> Work required: Your task is to return the listing below word for word, without any of its images.
*** Dataset records ***
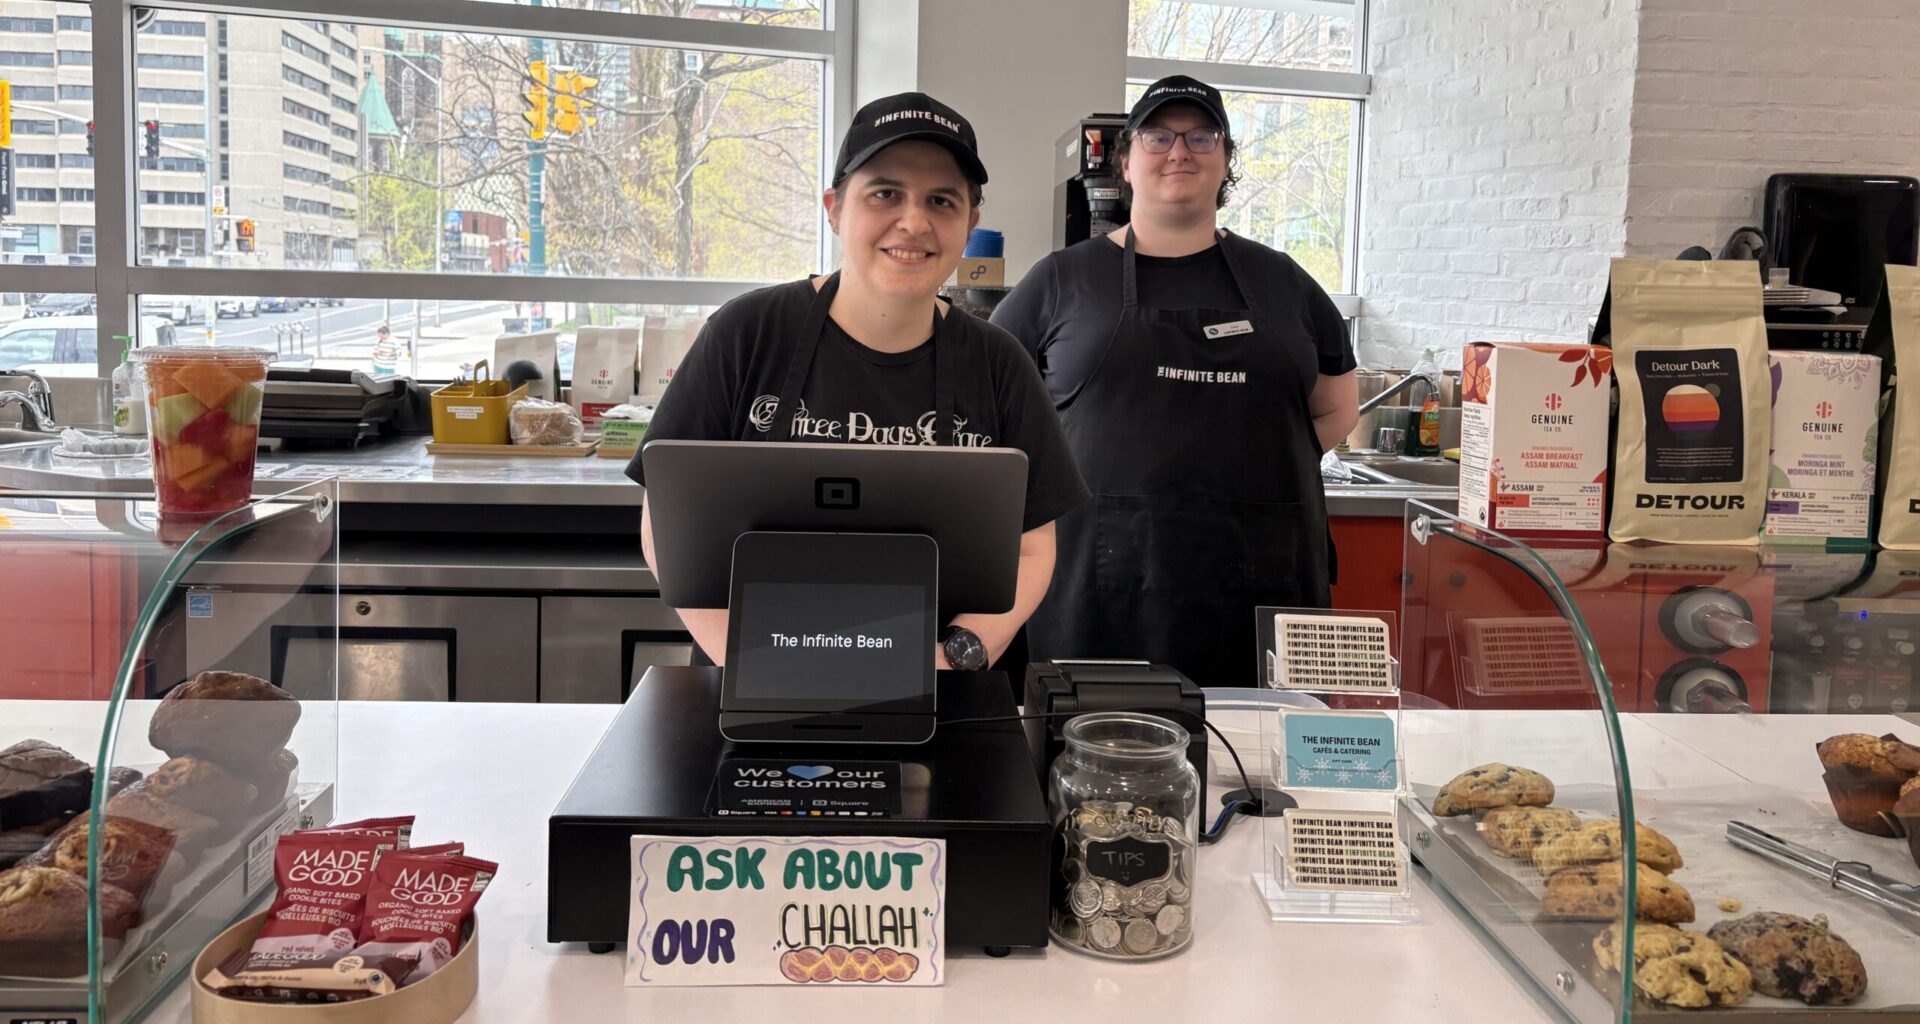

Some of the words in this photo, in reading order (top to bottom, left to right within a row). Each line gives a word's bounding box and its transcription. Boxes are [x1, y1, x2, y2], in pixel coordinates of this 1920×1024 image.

[882, 110, 932, 124] INFINITE
[934, 114, 959, 133] BEAN
[1652, 362, 1688, 371] Detour
[1691, 360, 1720, 370] Dark
[1165, 367, 1214, 382] INFINITE
[1217, 371, 1246, 383] BEAN
[1531, 414, 1573, 425] GENUINE
[847, 412, 917, 446] Days
[1802, 423, 1843, 432] GENUINE
[1521, 452, 1544, 460] ASSAM
[1546, 453, 1583, 461] BREAKFAST
[1798, 460, 1828, 468] MORINGA
[1787, 468, 1817, 476] MORINGA
[1636, 494, 1745, 510] DETOUR
[771, 633, 798, 647] The
[803, 634, 852, 648] Infinite
[857, 635, 893, 648] Bean
[1302, 736, 1318, 744] THE
[1320, 737, 1356, 745] INFINITE
[1358, 738, 1380, 746] BEAN
[737, 768, 783, 778] We
[837, 770, 884, 778] our
[734, 779, 886, 789] customers
[1102, 851, 1145, 867] TIPS
[1350, 849, 1376, 857] INFINITE
[293, 849, 370, 871] MADE
[667, 845, 767, 892] ASK
[783, 848, 923, 891] ABOUT
[288, 864, 362, 887] GOOD
[394, 867, 470, 893] MADE
[1352, 878, 1379, 886] INFINITE
[289, 894, 318, 903] COOKIE
[335, 892, 360, 900] BAKED
[390, 887, 463, 906] GOOD
[378, 902, 413, 911] ORGANIC
[276, 911, 326, 922] OELLEUSES
[328, 917, 340, 926] BIO
[322, 908, 355, 922] BISCUITS
[424, 920, 456, 933] BISCUITS
[431, 925, 443, 934] BIO
[652, 919, 735, 965] OUR
[781, 903, 918, 949] CHALLAH
***
> Exercise answer:
Some of the words in this photo, in reading order (top to bottom, left to right within a row). Each line gives a word's bounding box and its transcription. Boxes are [x1, y1, x2, y2], in pixel coordinates of this 1920×1024 image.

[882, 110, 932, 124] INFINITE
[934, 114, 959, 133] BEAN
[1652, 362, 1688, 371] Detour
[1691, 360, 1720, 370] Dark
[1165, 367, 1214, 382] INFINITE
[1217, 371, 1246, 383] BEAN
[1531, 414, 1573, 425] GENUINE
[847, 412, 917, 446] Days
[1802, 423, 1843, 432] GENUINE
[1521, 452, 1544, 460] ASSAM
[1546, 453, 1583, 461] BREAKFAST
[1798, 460, 1828, 468] MORINGA
[1787, 468, 1817, 476] MORINGA
[1636, 494, 1745, 510] DETOUR
[771, 633, 798, 647] The
[803, 634, 852, 648] Infinite
[857, 635, 893, 648] Bean
[1302, 736, 1318, 744] THE
[1320, 737, 1356, 745] INFINITE
[1358, 738, 1380, 746] BEAN
[737, 768, 783, 778] We
[837, 770, 884, 778] our
[734, 779, 886, 789] customers
[1102, 851, 1145, 867] TIPS
[1350, 849, 1376, 857] INFINITE
[293, 849, 370, 871] MADE
[667, 845, 767, 892] ASK
[783, 848, 923, 891] ABOUT
[288, 864, 362, 887] GOOD
[394, 867, 470, 893] MADE
[1352, 878, 1379, 886] INFINITE
[289, 894, 318, 903] COOKIE
[335, 892, 360, 900] BAKED
[390, 887, 463, 906] GOOD
[378, 902, 413, 911] ORGANIC
[276, 911, 326, 922] OELLEUSES
[328, 917, 340, 926] BIO
[322, 908, 355, 922] BISCUITS
[424, 920, 456, 933] BISCUITS
[431, 925, 443, 934] BIO
[652, 919, 735, 965] OUR
[781, 903, 918, 949] CHALLAH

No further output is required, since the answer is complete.